All three of us are mathematicians who came to the United States as young immigrants, having been attracted by the unmatched quality and openness of American universities. {snip}

The United States has been dominant in the mathematical sciences since the mass exodus of European scientists in the 1930s. Because mathematics is the basis of science—as well as virtually all major technological advances, including scientific computing, climate modelling, artificial intelligence, cybersecurity, and robotics—US leadership in math has supplied our country with an enormous strategic advantage. But for various reasons, three of which we set out below, the United States is now at risk of losing that dominant position.

First, and most obvious, is the deplorable state of our K-12 math education system. Far too few American public-school children are prepared for careers in science, technology, engineering, and mathematics (STEM). This leaves us increasingly dependent on a constant inflow of foreign talent, especially from mainland China, Taiwan, South Korea, and India. In a 2015 survey conducted by the Council of Graduate Schools and the Graduate Record Examinations Board, about 55 percent of all participating graduate students in mathematics, computer sciences, and engineering at US schools were found to be foreign nationals. In 2017, the National Foundation for American Policy estimated that international students accounted for 81 percent of full-time graduate students in electrical engineering at U.S. universities; and 79 percent of full-time graduate students in computer science.

That report also concluded that many programs in these fields couldn’t even be maintained without international students. In our field, mathematics, we find that at most top departments in the United States, at least two-thirds of the faculty are foreign born. (And even among those faculty born in the United States, a large portion are first-generation Americans.) Similar patterns may be observed in other STEM disciplines.

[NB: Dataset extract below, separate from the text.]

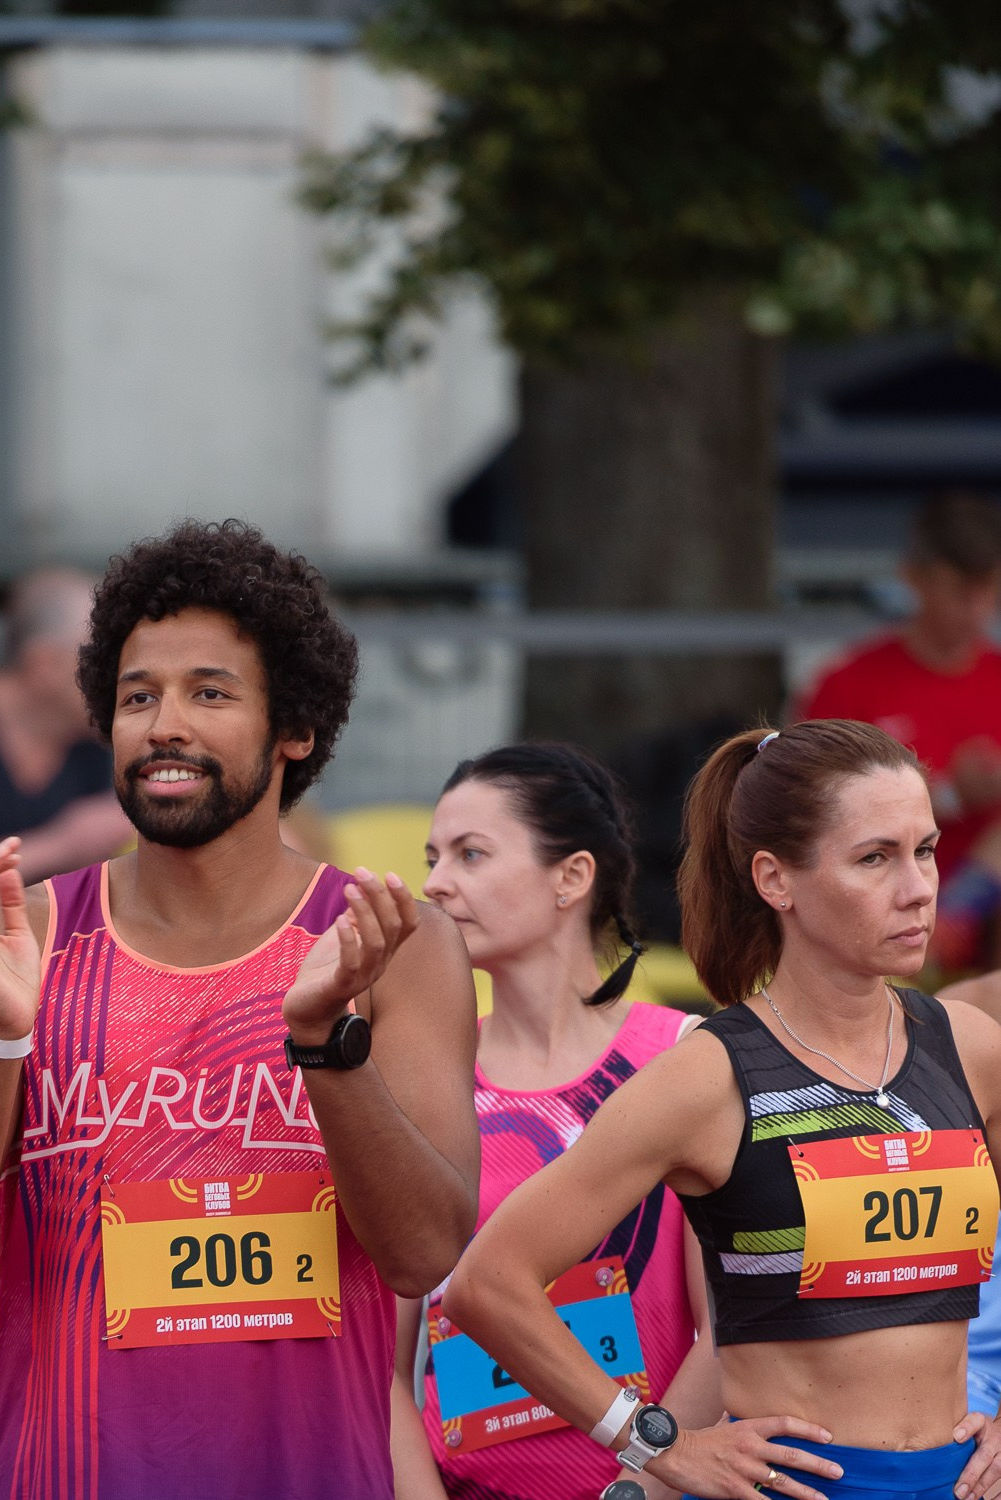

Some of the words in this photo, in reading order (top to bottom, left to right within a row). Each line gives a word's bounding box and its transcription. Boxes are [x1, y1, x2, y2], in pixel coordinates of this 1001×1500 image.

The second reason for concern is that the nationwide effort to reduce racial disparities, however well-intentioned, has had the unfortunate effect of weakening the connection between merit and scholastic admission. It also has served (sometimes indirectly) to discriminate against certain groups—mainly Asian Americans. The social-justice rhetoric used to justify these diversity, equity, and inclusion (DEI) programs is often completely at odds with the reality one observes on campuses. The concept of fighting “white supremacy,” in particular, doesn’t apply to the math field, since American-born scholars of all races now collectively represent a small (and diminishing) minority of the country’s academic STEM specialists.

Third, other countries are now competing aggressively with the United States to recruit top talent, using the same policies that worked well for us in the past. Most notably, China, America’s main economic and strategic competitor, is in the midst of an extraordinary, mostly successful, effort to improve its universities and research institutions. As a result, it is now able to retain some of the best Chinese scientists and engineers, as well as attract elite recruits from the United States, Europe, and beyond.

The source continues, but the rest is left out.